→ **Recorded data**:
⟨

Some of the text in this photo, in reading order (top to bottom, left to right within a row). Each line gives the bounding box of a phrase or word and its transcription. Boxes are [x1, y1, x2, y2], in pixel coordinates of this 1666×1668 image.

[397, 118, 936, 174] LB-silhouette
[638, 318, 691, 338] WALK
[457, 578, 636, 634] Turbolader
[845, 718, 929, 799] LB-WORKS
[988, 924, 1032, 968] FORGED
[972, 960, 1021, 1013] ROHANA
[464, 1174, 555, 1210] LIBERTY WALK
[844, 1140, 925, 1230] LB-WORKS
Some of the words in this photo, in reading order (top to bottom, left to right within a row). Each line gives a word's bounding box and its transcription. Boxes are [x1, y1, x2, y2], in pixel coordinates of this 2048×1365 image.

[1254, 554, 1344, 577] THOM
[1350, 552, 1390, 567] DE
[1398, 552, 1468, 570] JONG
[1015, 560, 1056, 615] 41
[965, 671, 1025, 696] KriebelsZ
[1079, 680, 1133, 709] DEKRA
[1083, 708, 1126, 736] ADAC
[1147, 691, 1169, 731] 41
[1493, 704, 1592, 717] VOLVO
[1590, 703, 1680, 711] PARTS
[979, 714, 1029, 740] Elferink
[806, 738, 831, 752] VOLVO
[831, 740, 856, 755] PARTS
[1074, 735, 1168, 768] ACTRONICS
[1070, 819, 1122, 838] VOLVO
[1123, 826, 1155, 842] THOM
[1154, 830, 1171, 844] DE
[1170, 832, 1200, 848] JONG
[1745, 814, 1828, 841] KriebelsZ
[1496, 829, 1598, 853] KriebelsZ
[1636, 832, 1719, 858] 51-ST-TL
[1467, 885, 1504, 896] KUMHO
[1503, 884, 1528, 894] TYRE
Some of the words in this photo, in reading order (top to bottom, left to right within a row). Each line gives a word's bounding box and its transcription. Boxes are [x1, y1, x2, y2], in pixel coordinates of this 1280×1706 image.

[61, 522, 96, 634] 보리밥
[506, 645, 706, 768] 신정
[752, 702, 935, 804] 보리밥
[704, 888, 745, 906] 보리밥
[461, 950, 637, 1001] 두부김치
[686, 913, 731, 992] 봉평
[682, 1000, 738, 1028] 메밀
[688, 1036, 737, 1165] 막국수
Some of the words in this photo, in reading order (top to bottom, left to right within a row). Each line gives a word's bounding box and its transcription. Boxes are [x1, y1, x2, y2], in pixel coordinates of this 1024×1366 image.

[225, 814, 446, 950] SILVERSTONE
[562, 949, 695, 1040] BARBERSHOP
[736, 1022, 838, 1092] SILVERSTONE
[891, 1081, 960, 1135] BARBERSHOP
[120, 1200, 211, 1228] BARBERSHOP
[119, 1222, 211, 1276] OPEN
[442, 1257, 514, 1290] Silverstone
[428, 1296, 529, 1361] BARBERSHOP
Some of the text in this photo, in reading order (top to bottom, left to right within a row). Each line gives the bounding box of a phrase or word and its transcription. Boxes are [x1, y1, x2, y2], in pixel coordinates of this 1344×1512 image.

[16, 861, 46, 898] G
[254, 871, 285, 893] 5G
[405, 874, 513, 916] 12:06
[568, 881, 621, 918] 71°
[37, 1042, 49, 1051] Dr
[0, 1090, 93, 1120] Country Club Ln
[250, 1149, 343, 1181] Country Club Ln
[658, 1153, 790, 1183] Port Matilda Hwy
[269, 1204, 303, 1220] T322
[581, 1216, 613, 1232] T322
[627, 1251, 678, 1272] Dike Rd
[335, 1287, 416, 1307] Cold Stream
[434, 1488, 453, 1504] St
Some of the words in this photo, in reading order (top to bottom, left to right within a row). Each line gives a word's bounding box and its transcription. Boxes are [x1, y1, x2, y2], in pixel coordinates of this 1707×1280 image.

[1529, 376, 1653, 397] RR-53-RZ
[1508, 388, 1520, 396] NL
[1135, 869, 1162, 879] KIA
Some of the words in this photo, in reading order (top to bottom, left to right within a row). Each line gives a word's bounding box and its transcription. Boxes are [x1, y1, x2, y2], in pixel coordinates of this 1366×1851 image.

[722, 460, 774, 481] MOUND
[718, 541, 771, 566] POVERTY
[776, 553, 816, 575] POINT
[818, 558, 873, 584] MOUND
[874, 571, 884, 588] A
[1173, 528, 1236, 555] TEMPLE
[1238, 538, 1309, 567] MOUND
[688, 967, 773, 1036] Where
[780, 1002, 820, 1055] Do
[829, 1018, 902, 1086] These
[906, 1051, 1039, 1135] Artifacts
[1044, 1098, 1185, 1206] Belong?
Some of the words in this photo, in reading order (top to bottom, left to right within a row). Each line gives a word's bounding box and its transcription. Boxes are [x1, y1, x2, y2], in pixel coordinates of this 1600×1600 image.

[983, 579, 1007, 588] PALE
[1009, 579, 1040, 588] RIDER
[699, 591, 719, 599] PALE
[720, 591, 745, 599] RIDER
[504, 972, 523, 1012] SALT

⟩

→ **Instructions for the task**:
Give back the lines above exactly, from the one with "this 1600×1600 image." through the last line.

→ **Response to the task**:
Some of the words in this photo, in reading order (top to bottom, left to right within a row). Each line gives a word's bounding box and its transcription. Boxes are [x1, y1, x2, y2], in pixel coordinates of this 1600×1600 image.

[983, 579, 1007, 588] PALE
[1009, 579, 1040, 588] RIDER
[699, 591, 719, 599] PALE
[720, 591, 745, 599] RIDER
[504, 972, 523, 1012] SALT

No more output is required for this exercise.